A Guide to Starting Plants from Cuttings

By Frank Rauscher
Published: December 13, 2019 | Last updated: May 4, 2021 08:54:58
Key Takeaways

Want some new cultivars for your garden, but also want a way to guarantee their quality? Well, this is a perfect opportunity for some DIY cuttings.

Why would anyone want to go to the trouble to start a plant from a cutting when it is so easy to just go out and buy a small plant at the nursery?


Well, think about it: it’s not always so easy to locate that certain plant you want to grow, and it’s even tougher to find it in a healthy condition. And what if you want certain unique characteristics in your specimen?

Not every plant with the same genus, species or even same variety will have the same exact traits. Only clones, or cultivars, can guarantee identical characteristics.


Grafted clones can be hybridized to produce certain benefits, such as sweetness or health, or to create a new type of fruit.

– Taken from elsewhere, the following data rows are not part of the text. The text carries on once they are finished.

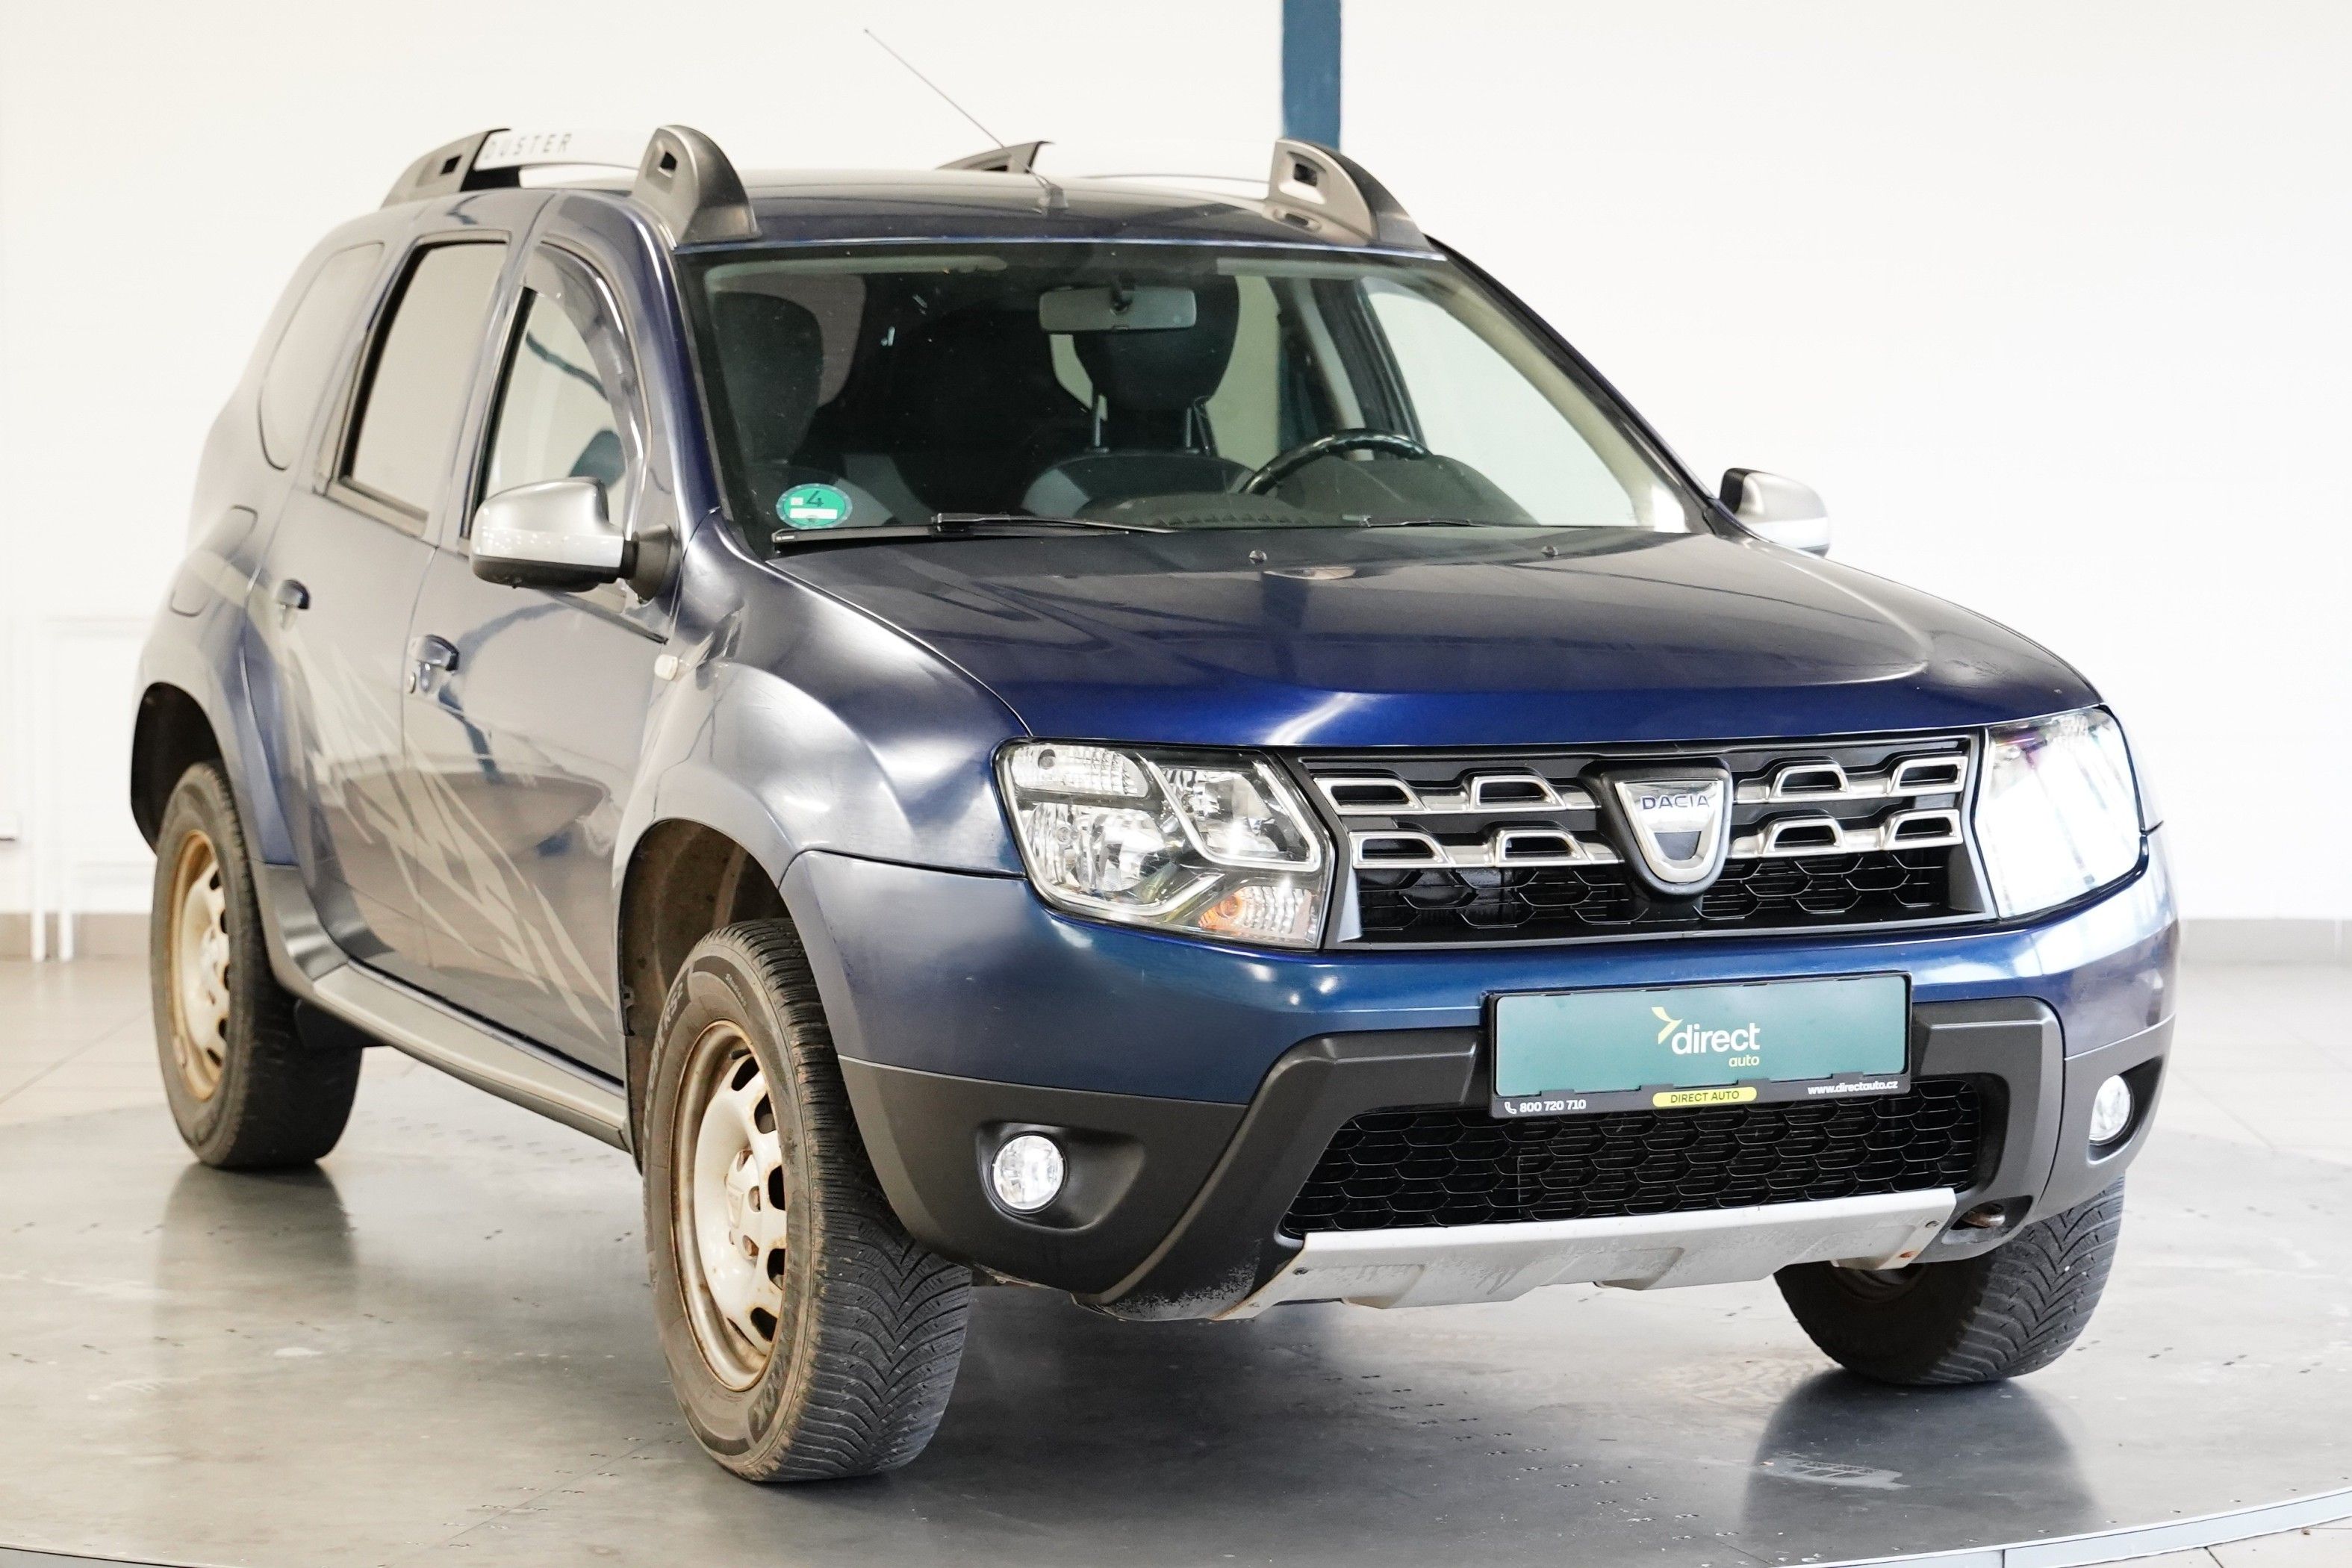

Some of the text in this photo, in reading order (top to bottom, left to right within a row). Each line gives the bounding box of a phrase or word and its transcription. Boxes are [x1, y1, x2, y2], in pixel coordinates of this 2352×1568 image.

[806, 490, 824, 508] 4
[1642, 794, 1711, 810] DACIA
[1671, 1022, 1761, 1055] direct
[1729, 1054, 1761, 1068] auto
[1807, 1080, 1899, 1095] www.directauto.cz
[1670, 1090, 1740, 1104] DIRECT AUTO
[1519, 1099, 1587, 1113] 800 720 710

If you’re not so interested in developing some new type of fruit or plant, remember that grafting allows you to produce as many of that awesome tomato plant you had last year as you can.

Another reason for wanting to start a new plant from a cutting could include the fact that the original or mother plant doesn’t produce many seeds; a new plant started from a cutting off the old one can produce more seeds.

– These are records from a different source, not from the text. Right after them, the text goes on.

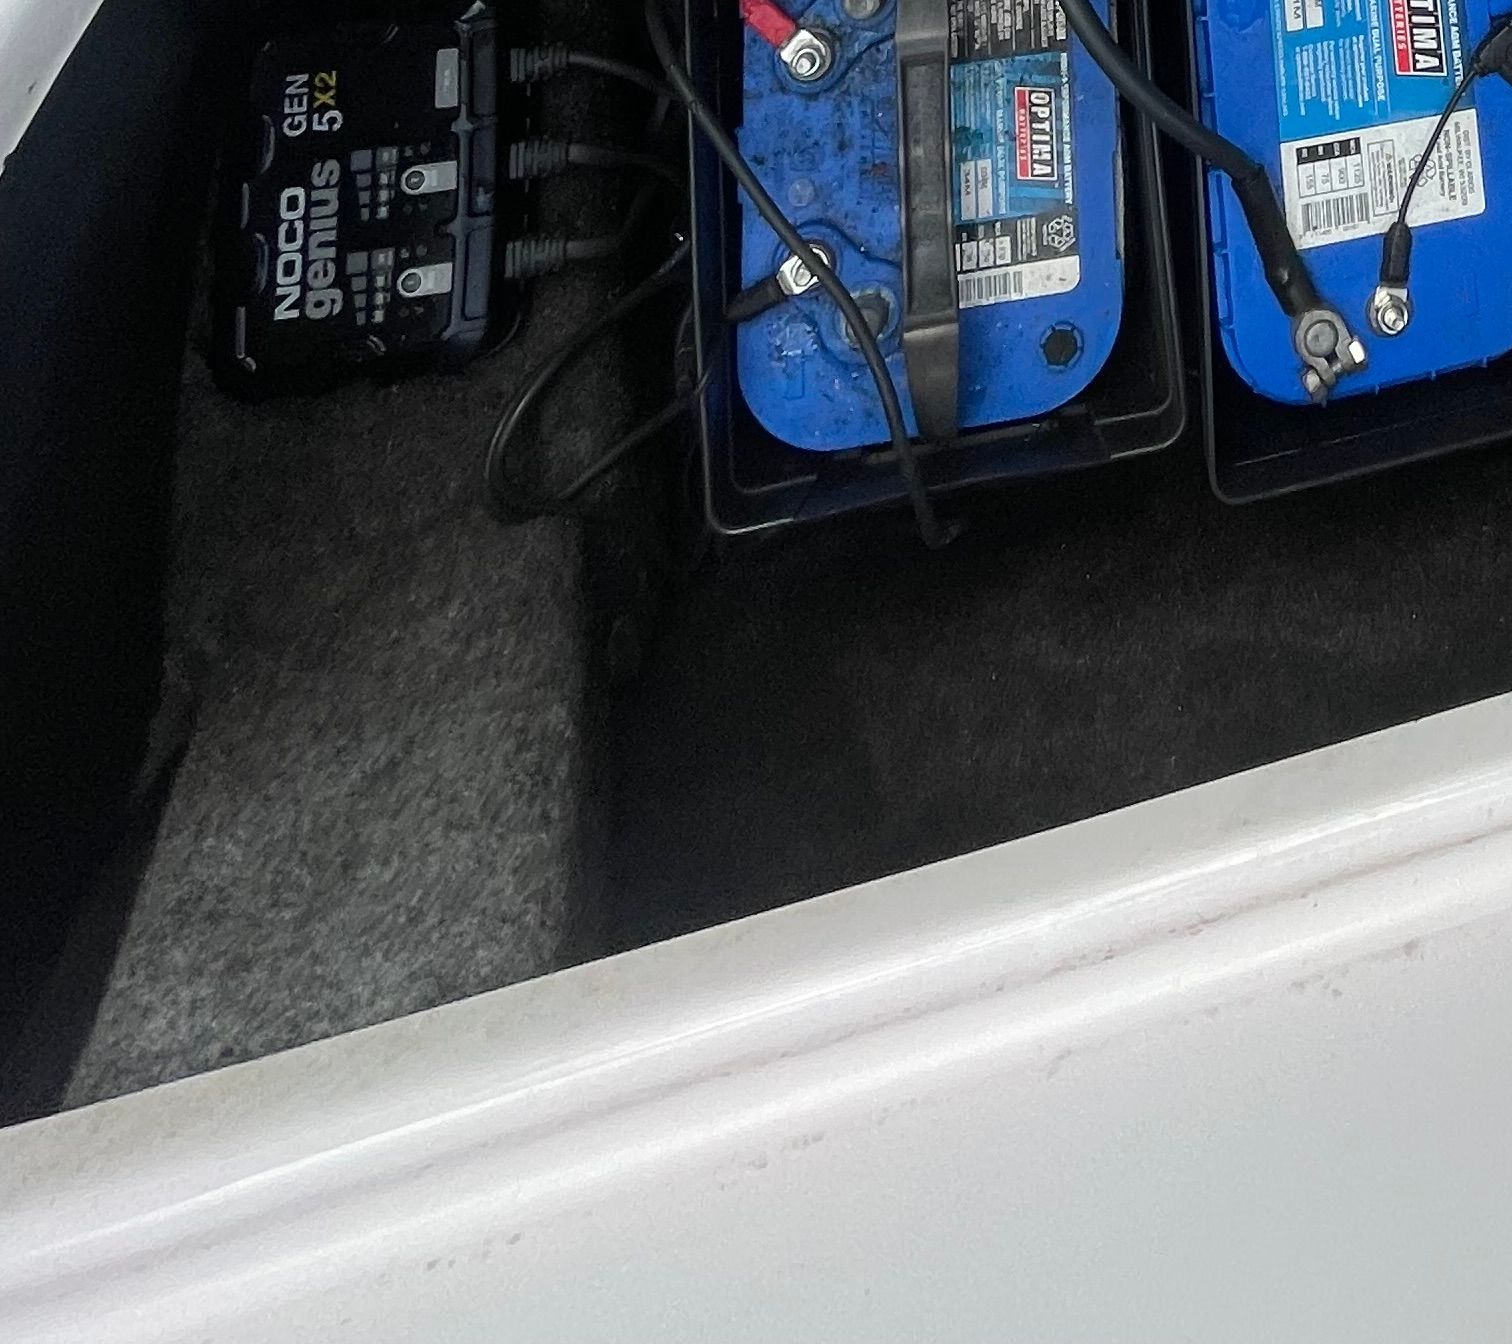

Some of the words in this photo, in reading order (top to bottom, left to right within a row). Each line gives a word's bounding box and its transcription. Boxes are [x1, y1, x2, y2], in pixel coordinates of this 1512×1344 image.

[1371, 29, 1381, 54] DUAL
[1449, 25, 1460, 50] AGM
[281, 73, 309, 137] GEN
[1373, 55, 1386, 101] PURPOSE
[1030, 92, 1052, 176] OPTIMA
[1443, 129, 1457, 201] NON-SPILLABLE
[273, 186, 306, 320] NOCO
[304, 159, 343, 320] genius

So, let’s get started looking at how we can start a plant from a cutting. The basic process after we have selected the plant we want to clone involves cutting off a section from the mother plant and getting it to create some roots so we can transplant it.


That sounds simple enough, but if we aren’t particular about what time of year, where on the plant we cut, what we cut with and how we plan to get the new roots started, it’s not likely we’ll have easy success.

Plants are generally woody or herbaceous. Woody plants have three categories: arborescent (single trunk, such as an ash tree), fruticose (large and woody with many trunks, such as a ligustrum) and suffrutescent (shrubs or vines that are only woody at the base; these are often also considered herbaceous). The suffrutescent group would be the easiest to start from a cutting within the woody grouping.


Read also: Mother Plants and Cloning: Love Your Mothers

Herbaceous plants are generally the easiest to start from a cutting. These also have three main sub-groupings: annuals, which only live for one season or one year (the celosia is an example); biennials, which complete their life cycle in two years (for example, carrots); and herbaceous perennials, which continue for at least three years (an example would be asparagus). Tomatoes are an interesting case as it they are actually perennials that are cultivated as annuals and are, in my opinion, one of the easiest to start.

The best time of year to take a cutting from a plant will depend on what type of plant it is. We want to try to get soft wood or new growth cuttings. The interior cellular walls need to be active and so more easily encouraged to reproduce. For outdoor plants, the odds favor spring. For indoor or hydroponic plants, it will depend more on the plants current life cycle than the time of year.

You want the plant specimen to be in top health. No signs of nutrition insufficiency or disease. The plant should also be properly hydrated. Not overwatered or suffering from drought. The cells in the plant tissue will need moisture in order to begin knitting themselves back together and creating the root system you need.

Do a thorough inspection of the proposed plant before deciding. Don’t forget to look for insects. Chances are many of the insects that might be on your plant are too small to see without a microscope or at least a good magnifying glass.

Next, prepare for cutting and restarting. You will need pruners; a razor blade (box cutters provide safety); distilled water; containers for disinfectant, water and rooting hormone; containers with drainage for potting, bleach, soilless potting mix, plastic wrap or plastic bags or a humidity dome, and a pencil or Q-tip (for making soil holes).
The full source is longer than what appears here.